*WHAT TO PRODUCE:* Your task is to repeat the lines below exactly, excluding any pictures they contain.

#### EXERCISE INPUTS

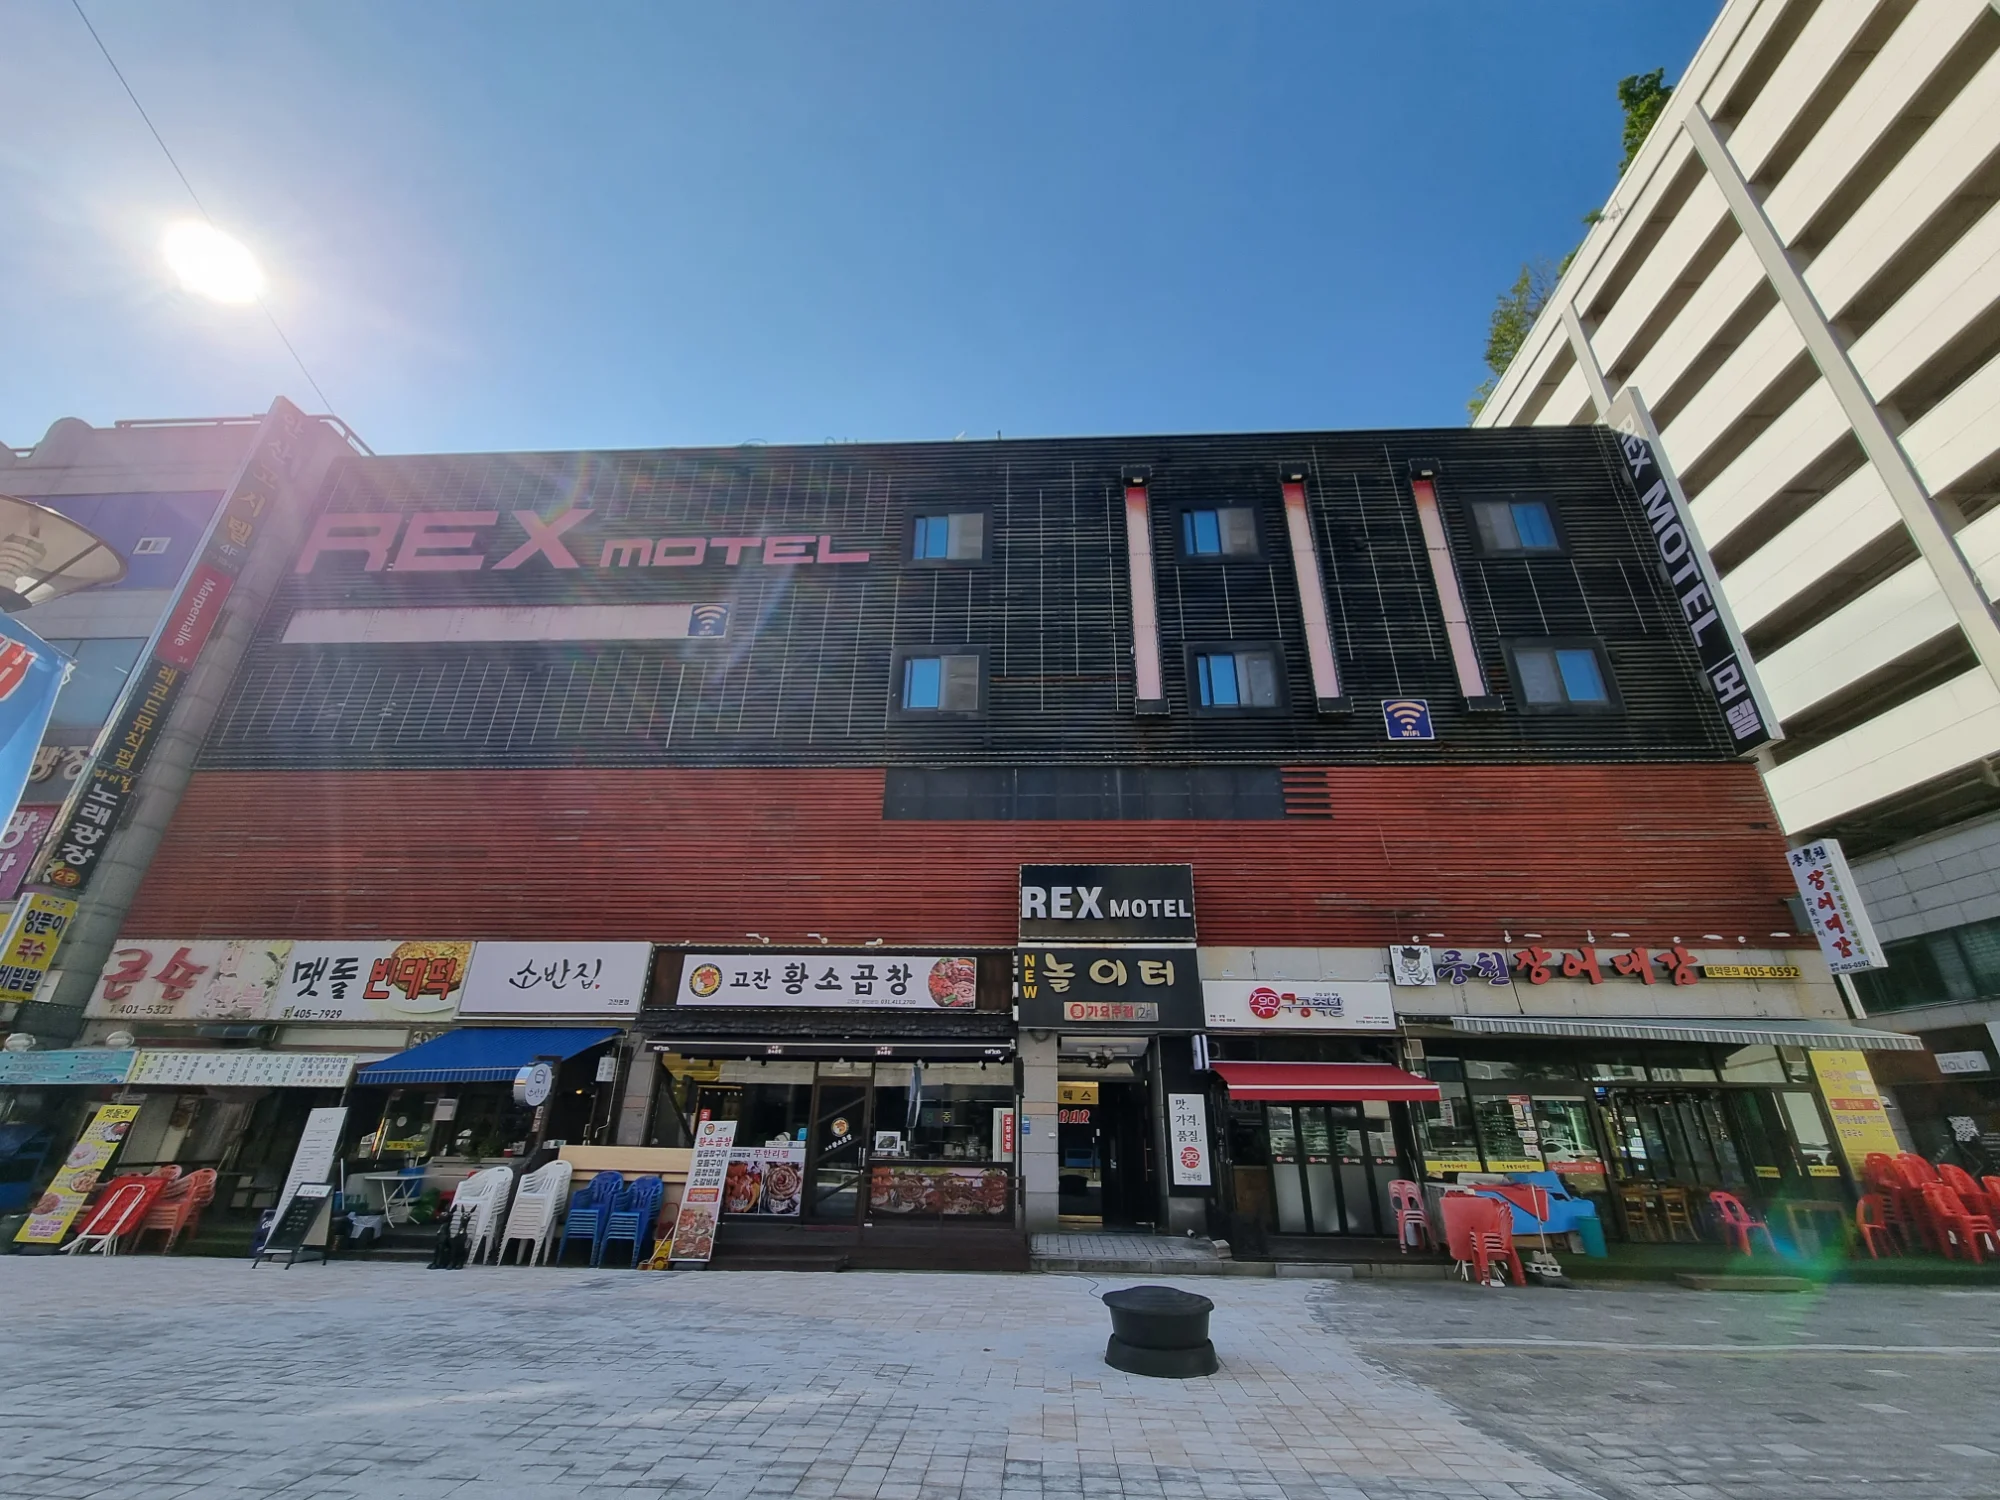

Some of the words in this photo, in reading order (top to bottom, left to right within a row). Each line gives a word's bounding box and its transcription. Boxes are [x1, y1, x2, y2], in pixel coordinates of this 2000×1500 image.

[295, 508, 595, 573] REX
[599, 535, 870, 567] MOTEL
[1641, 478, 1718, 648] MOTEL
[1712, 663, 1761, 741] 모텔
[62, 783, 118, 865] 노래광장
[1021, 886, 1104, 919] REX
[1109, 899, 1192, 918] MOTEL
[25, 909, 67, 938] 양푼이
[17, 938, 46, 964] 국수
[292, 957, 358, 999] 맷돌
[363, 957, 456, 1000] 빈대떡
[509, 959, 603, 990] 소반집
[729, 968, 771, 989] 고잔
[781, 962, 912, 995] 황소곱창
[1023, 955, 1038, 999] NEW
[1042, 953, 1175, 993] 놀이터
[1706, 966, 1741, 977] 예약문의
[1743, 966, 1799, 977] 405-0592
[1087, 1004, 1134, 1018] 가요주점
[1258, 996, 1277, 1006] 90
[1281, 993, 1345, 1017] 구공족발
[1059, 1109, 1090, 1123] BAR
[699, 1137, 732, 1147] 황소곱창
[753, 1149, 790, 1158] 무한리필

########

*YOUR SOLUTION:*
Some of the words in this photo, in reading order (top to bottom, left to right within a row). Each line gives a word's bounding box and its transcription. Boxes are [x1, y1, x2, y2], in pixel coordinates of this 2000×1500 image.

[295, 508, 595, 573] REX
[599, 535, 870, 567] MOTEL
[1641, 478, 1718, 648] MOTEL
[1712, 663, 1761, 741] 모텔
[62, 783, 118, 865] 노래광장
[1021, 886, 1104, 919] REX
[1109, 899, 1192, 918] MOTEL
[25, 909, 67, 938] 양푼이
[17, 938, 46, 964] 국수
[292, 957, 358, 999] 맷돌
[363, 957, 456, 1000] 빈대떡
[509, 959, 603, 990] 소반집
[729, 968, 771, 989] 고잔
[781, 962, 912, 995] 황소곱창
[1023, 955, 1038, 999] NEW
[1042, 953, 1175, 993] 놀이터
[1706, 966, 1741, 977] 예약문의
[1743, 966, 1799, 977] 405-0592
[1087, 1004, 1134, 1018] 가요주점
[1258, 996, 1277, 1006] 90
[1281, 993, 1345, 1017] 구공족발
[1059, 1109, 1090, 1123] BAR
[699, 1137, 732, 1147] 황소곱창
[753, 1149, 790, 1158] 무한리필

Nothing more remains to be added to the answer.